No dia 12 de abril de 2012 o STF, por 8 votos contra 2, dispôs que abortar fetos diagnosticados com anencefalia não será mais crime. Triste dia esse, por diversas razões, a primeira das quais a recusa em defender quem não pode defender-se, o homem em seus estágios primitivos de existência.
Dentre as consequências tristes de tal decisão, uma que vale a pena ser destacada é seu impacto sobre os médicos, principalmente sobre aqueles que trabalharem em hospitais públicos, ou naqueles outros que oferecerem o “serviço de aborto de bebês anencéfalos”.
Os médicos que estejam enquadrados no quadro de carreira encarregado da prestação deste serviço, sendo funcionários públicos, estarão impedidos de desobedecerem às ordens superiores, sob pena de serem processados; os de instituição privada, demitidos.
Mas o que interessa aqui destacar não são as consequências jurídicas, por sinal muito graves, as quais ignoro na sua maioria. Interessa destacar a questão moral resultante da contradição inerente a esta decisão.
O Juiz, enquanto tal, manda mais do que o médico. Se a atividade deste está diretamente relacionada à vida humana, a do juiz parametriza esta mesma atividade; o juiz diz o que o médico pode ou não pode fazer. Ora, se o Estado concede que se deva eliminar esta ou aquela vida, alguém terá de fazê-lo. No passado, existia um encarregado deste ofício, o carrasco, cuja função é a de executar a pena capital àqueles designados pelo Estado para sofrê-la. Mas não existe mais este ofício, cuja extinção se deu no século XIX. E o que distingue o carrasco dos demais ofícios humanos é o fato de ele ser não punível por sua prática homicida, uma vez que o faz sob ordem do Estado.

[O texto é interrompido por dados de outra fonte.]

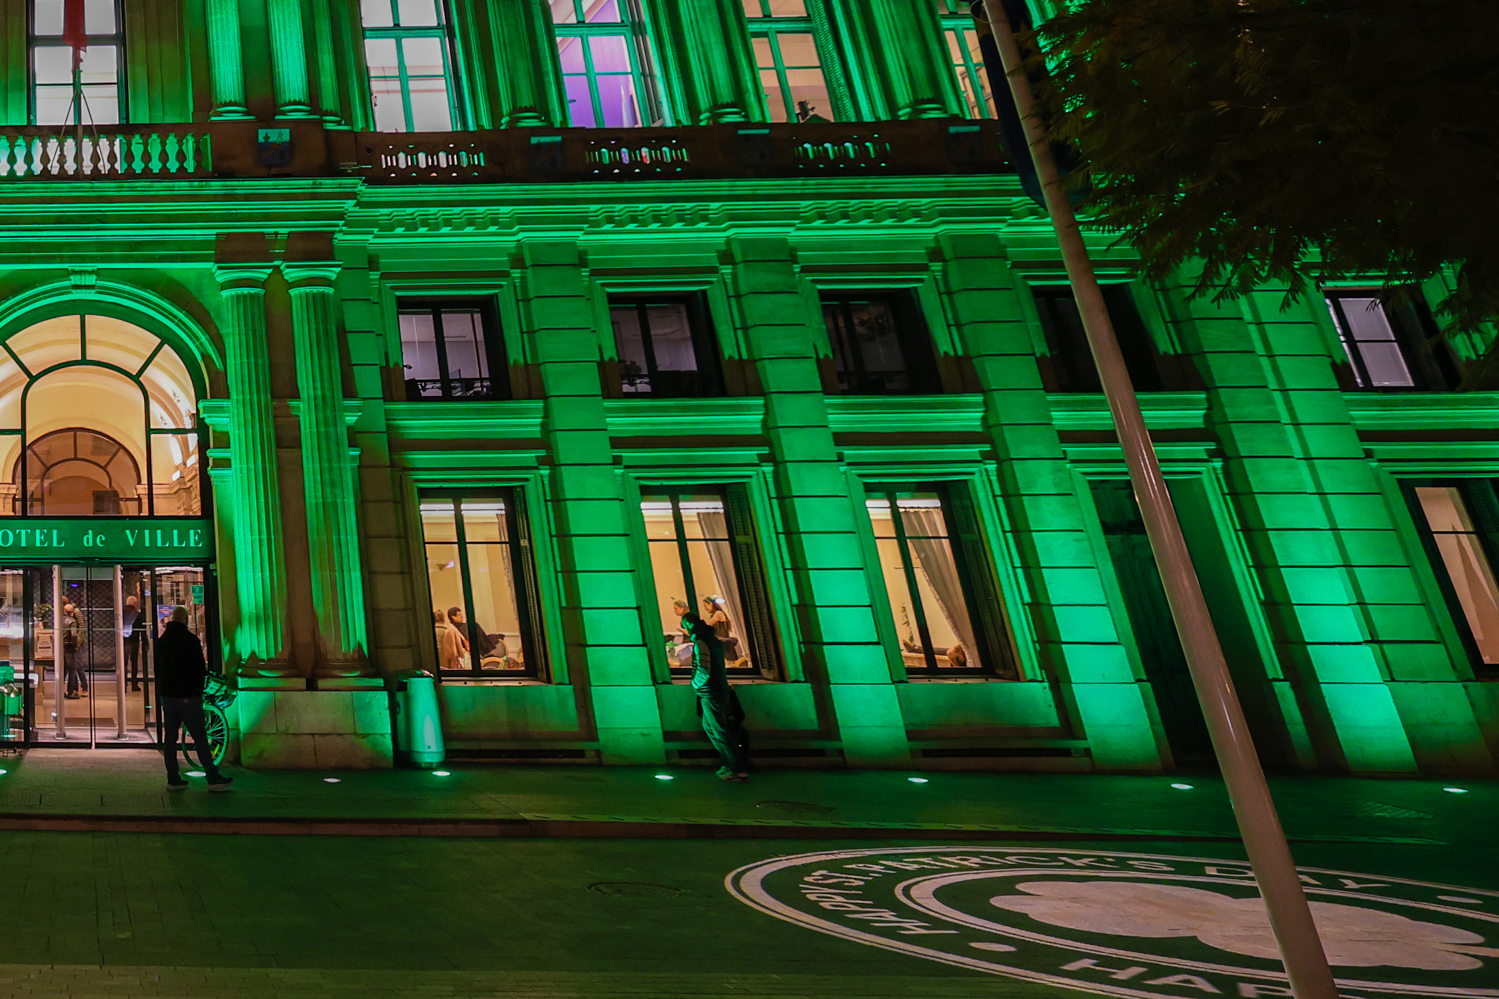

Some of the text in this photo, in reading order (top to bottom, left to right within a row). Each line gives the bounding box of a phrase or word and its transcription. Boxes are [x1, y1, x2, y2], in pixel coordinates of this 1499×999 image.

[82, 528, 106, 547] de
[125, 528, 203, 548] VILLE
[843, 855, 1176, 874] PATRICK'S
[803, 869, 883, 886] ST.
[798, 883, 960, 935] HAPPY

E aí surge uma dificuldade intransponível, no caso do aborto: não existe uma profissão cujo fim seja a extinção da vida humana. A Medicina tem por fim a geração de saúde. Nenhuma formação a ela subordinada (enfermagem, fisioterapia, etc.) escapa deste fim, que lhe dá razão de existência. Mas o mesmo se pode dizer das demais profissões: a Engenharia, a Psicologia, o Direito, etc., ou qualquer outra profissão não tem por fim o homicídio, sob qualquer de suas formalidades (aborto, eutanásia, matricídio, parricídio, fratricídio, homicídio...). A verdade é que não existe formação superior cuja finalidade seja preparar estudantes para praticar homicídio.

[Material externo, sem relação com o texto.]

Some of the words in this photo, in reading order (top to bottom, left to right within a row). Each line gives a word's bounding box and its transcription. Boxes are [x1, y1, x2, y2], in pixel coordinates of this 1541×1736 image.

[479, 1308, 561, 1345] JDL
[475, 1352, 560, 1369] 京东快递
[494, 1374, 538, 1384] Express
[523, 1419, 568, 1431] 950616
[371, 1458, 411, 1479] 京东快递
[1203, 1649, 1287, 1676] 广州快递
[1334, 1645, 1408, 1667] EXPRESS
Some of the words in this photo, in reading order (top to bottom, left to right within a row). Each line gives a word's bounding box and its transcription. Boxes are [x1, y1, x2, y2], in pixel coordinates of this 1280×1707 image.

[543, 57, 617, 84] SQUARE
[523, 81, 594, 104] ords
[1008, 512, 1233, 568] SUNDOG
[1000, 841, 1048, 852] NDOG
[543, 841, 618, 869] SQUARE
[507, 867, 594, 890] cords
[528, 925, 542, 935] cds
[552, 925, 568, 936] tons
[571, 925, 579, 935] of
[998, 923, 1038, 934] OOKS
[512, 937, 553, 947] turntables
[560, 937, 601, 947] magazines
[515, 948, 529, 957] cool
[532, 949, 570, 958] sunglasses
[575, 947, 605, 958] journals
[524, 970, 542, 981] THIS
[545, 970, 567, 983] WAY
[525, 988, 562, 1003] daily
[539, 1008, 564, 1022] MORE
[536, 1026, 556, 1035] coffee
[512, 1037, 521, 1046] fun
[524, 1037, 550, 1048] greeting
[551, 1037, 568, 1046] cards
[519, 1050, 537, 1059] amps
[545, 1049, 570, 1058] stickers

Sendo assim, se um médico pratica tal ação, ele não o faz enquanto médico, o mesmo valendo para toda e qualquer outra profissão. Quem quer que pratique a ação de abortar, o faz como homicida ou como carrasco. Ambos são homicidas, este último não punível porque o faz a mando do Estado. E digo tais coisas enfocando-a exclusivamente sob seu aspecto técnico.
A contradição posta pela decisão do STF é insuplantável: se a gestante possui o direito de ver atendido seu desejo de abortar (ou de “interromper a gravidez”, eufemismo preferido pelos juízes que reconheceram tal direito), isso significa que há de haver algum sujeito investido do correspondente dever de praticá-lo. Porque não existe direito sem dever, assim como na Contabilidade não existe débito sem crédito.

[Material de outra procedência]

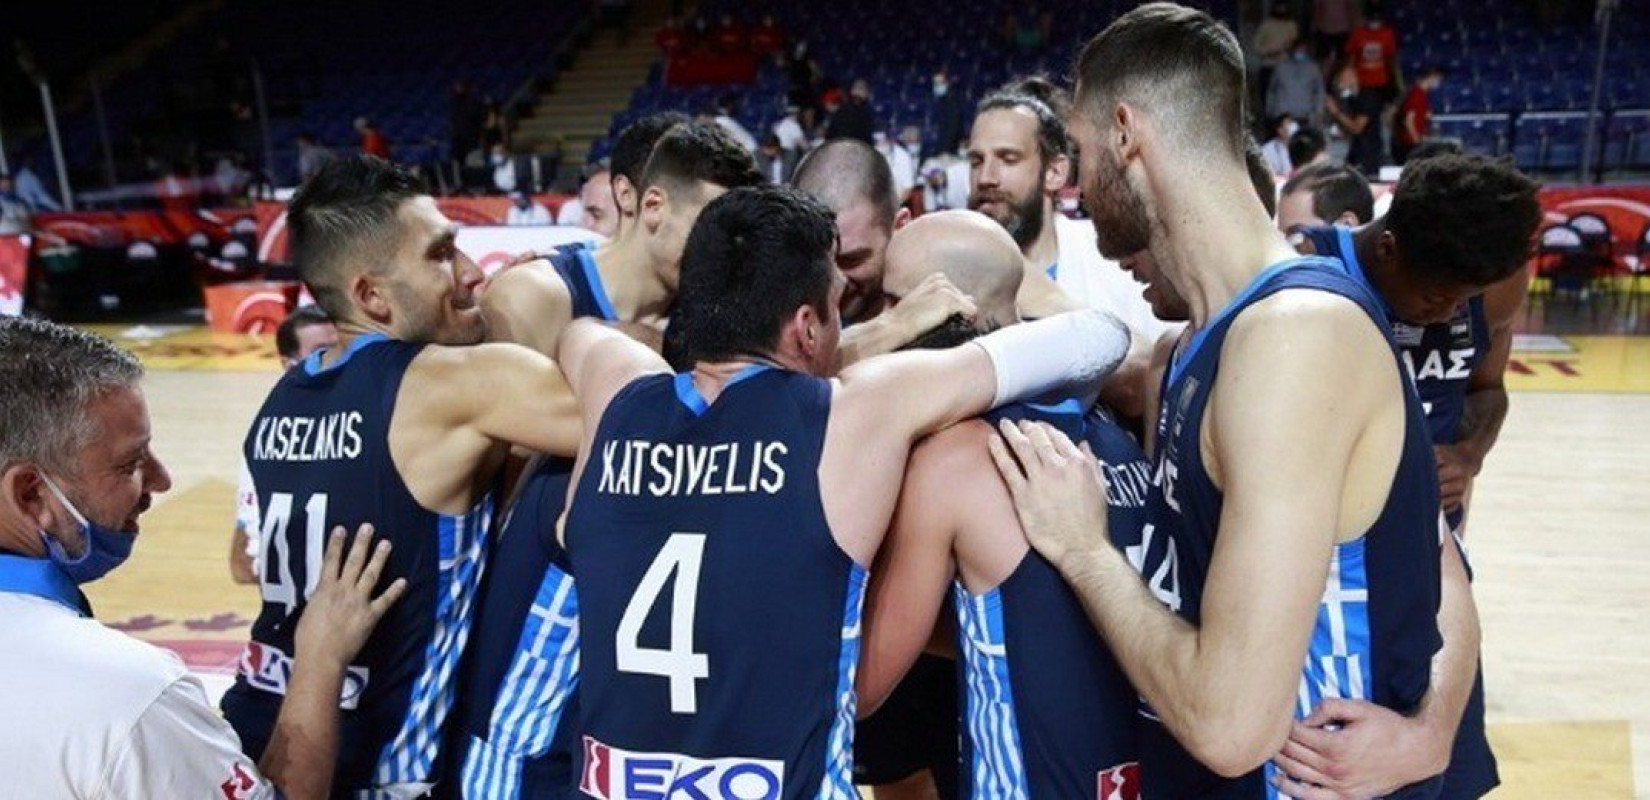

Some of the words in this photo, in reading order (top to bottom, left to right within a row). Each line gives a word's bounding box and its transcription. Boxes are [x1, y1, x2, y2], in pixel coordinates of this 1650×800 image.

[598, 440, 788, 496] KATSIVELIS
[260, 493, 328, 617] 41
[616, 532, 709, 714] 4
[625, 757, 780, 800] EKO

Assim, não em termos de Direito, mas em termos de fato, ressuscita-se o ofício de carrasco. Em termos de fato, insisto, pois continua inexistindo, legalmente, a figura do carrasco.
Ora, do mesmo modo que o que condena o homem à perdição não é o que ele pensa, mas o que ele faz (pois no ato de fazer o homem afirma seu amor ou ódio a Deus e às suas Leis), não importa que se denomine “interrupção da gravidez” o aborto; nem adianta dizer que se a criança viverá pouco, e por isso ela não cai sob a proteção do Estado (que só protege alguém com potencial à vida), etc.. A mãe sabe que o ela gesta é um outro ser humano, é seu filho(a); o mesmo sabe o médico. Ambos sabem, portanto, que o que um mandou e outro executou é uma afronta direta ao 5º. mandamento. As consequências psicológicas para a mãe, assim como para o médico, são indiscutivelmente terríveis e, não raro, eliciadoras de vícios.
Creio que os de vocação à certas áreas da Medicina passaram a ter um enorme peso sobre os ombros, formalmente colocado pelo Estado. Porque se atendem ao Estado, ofendem a Deus; se atendem a Deus, ofendem ao Estado, conforme ensinou Jesus: “Nenhum servo pode servir a dois senhores: ou há de odiar a um e amar o outro, ou há de aderir a um e desprezar o outro.” (Luc 6, 13).
Joel Nunes dos Santos, em 13 de abril de 2012.